Pero el elemento clave se halla en el artículo 25 de la constitución, donde se estableció que una de las obligaciones del gobierno federal sería la de fomentar la inmigración europea. Este enunciado ha generado polémicas a lo largo del tiempo, debido a la mención explícita de un continente desde el cual provendría la población deseable. Sin embargo, debe tenerse presente que en la época era difícil imaginar un origen diferente al europeo para la inmigración: ni Asia, ni África, ni siquiera los países latinoamericanos cercanos, habrían estado en condiciones de aportar flujos de expatriados tan cuantiosos como los que necesitaba incorporar la Argentina. Por otro lado, lo más importante de ese artículo reside en su segunda parte, bastante más extensa que la primera, donde se establece que no se podría restringir, limitar ni gravar con impuestos el ingreso de extranjeros que llegasen con propósitos de labrar la tierra, mejorar las industrias y enseñar las ciencias y las artes. Esta parte, asimismo, es más inclusiva, puesto que habla de “extranjeros”, sin distinción de origen, e inhibe las políticas prohibicionistas de la inmigración que pudieran ordenarse en el futuro, en la medida en que ellas podían ser tildadas de inconstitucionales.
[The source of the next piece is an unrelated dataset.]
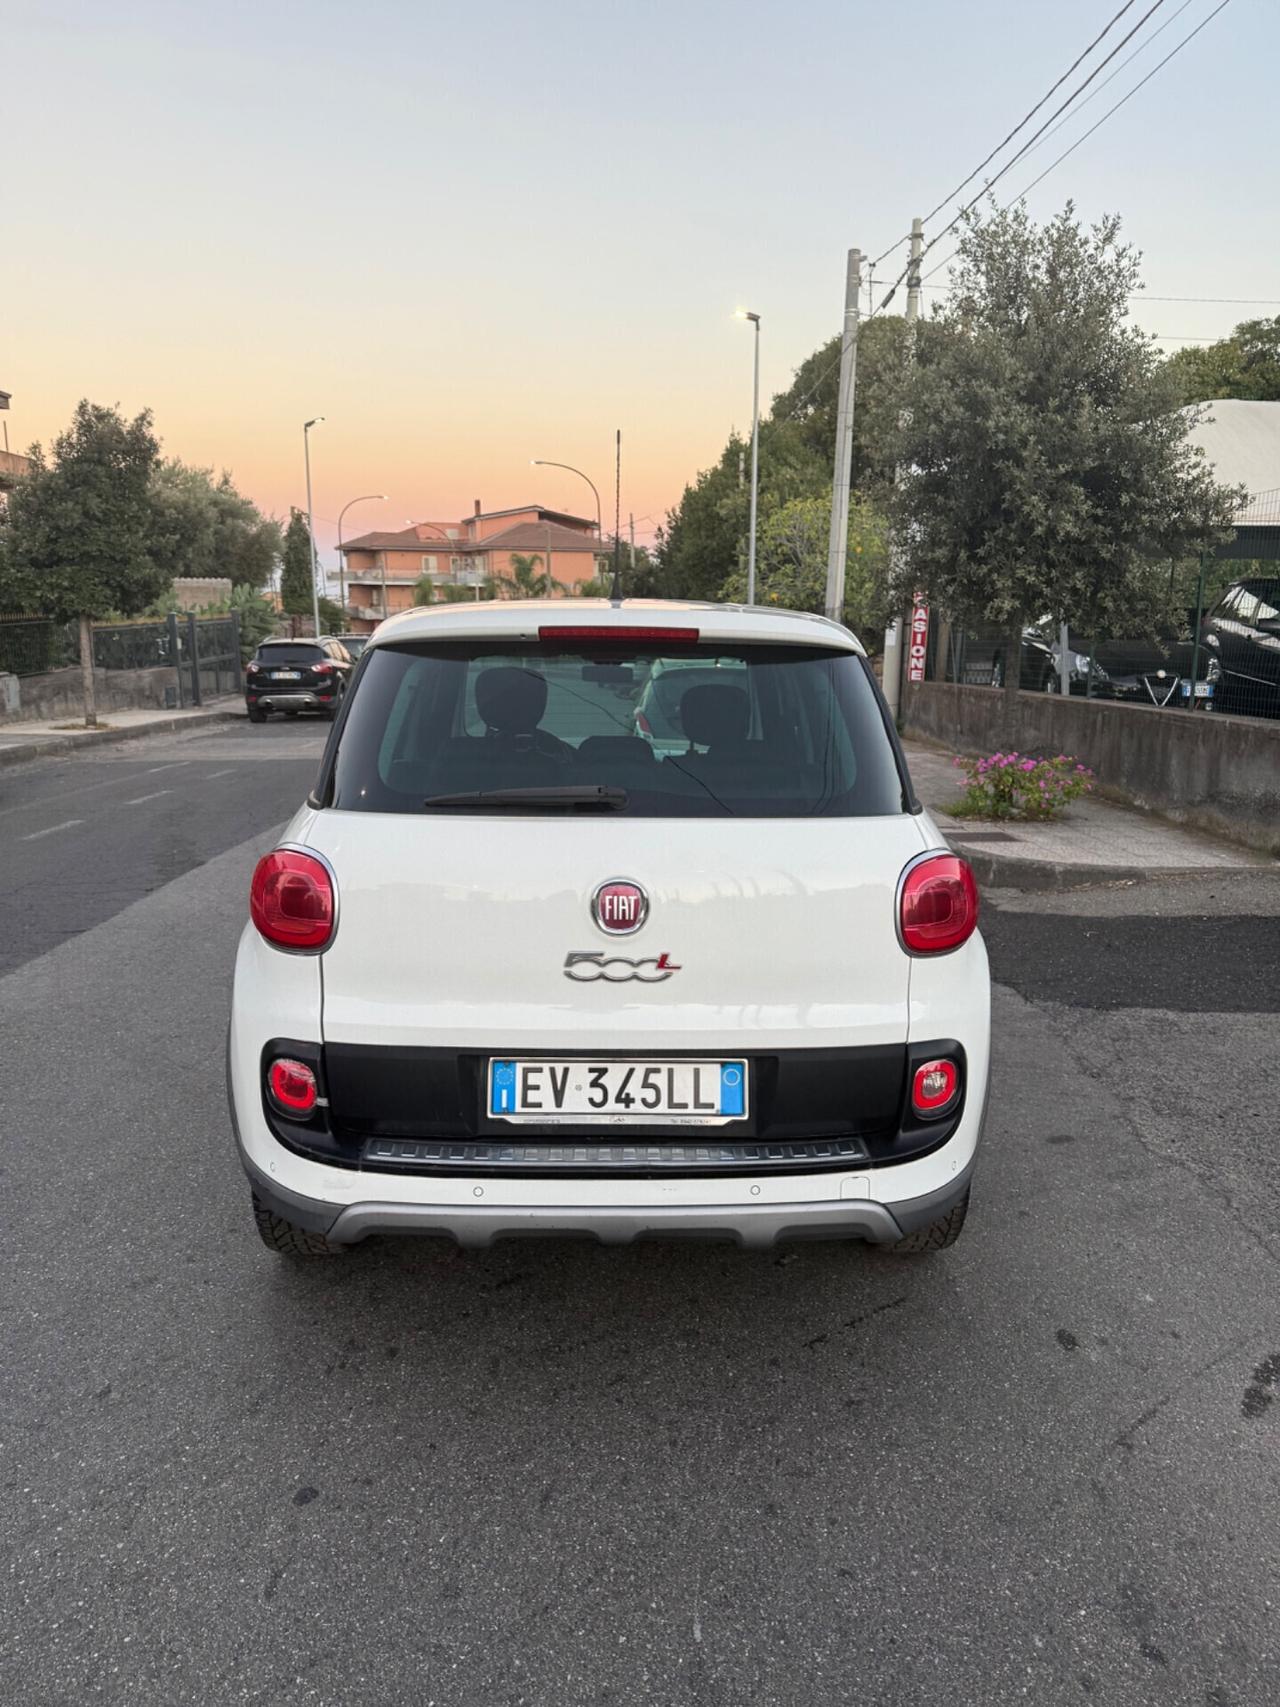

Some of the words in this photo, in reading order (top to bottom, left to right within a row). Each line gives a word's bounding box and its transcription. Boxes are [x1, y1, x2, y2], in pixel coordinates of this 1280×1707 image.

[604, 895, 638, 921] FIAT
[564, 951, 682, 982] 500L
[521, 1066, 570, 1109] EV
[587, 1066, 715, 1110] 345LL
Puede decirse, por lo tanto, que en la constitución argentina coexisten hasta la actualidad un mandato pro-inmigratorio no excluyente, sancionado con fuerza, y el ideal de un origen de la población extranjera cada vez más distante, en la medida en que los migrantes europeos han sido reemplazados, durante las últimas décadas, por los provenientes de los países limítrofes.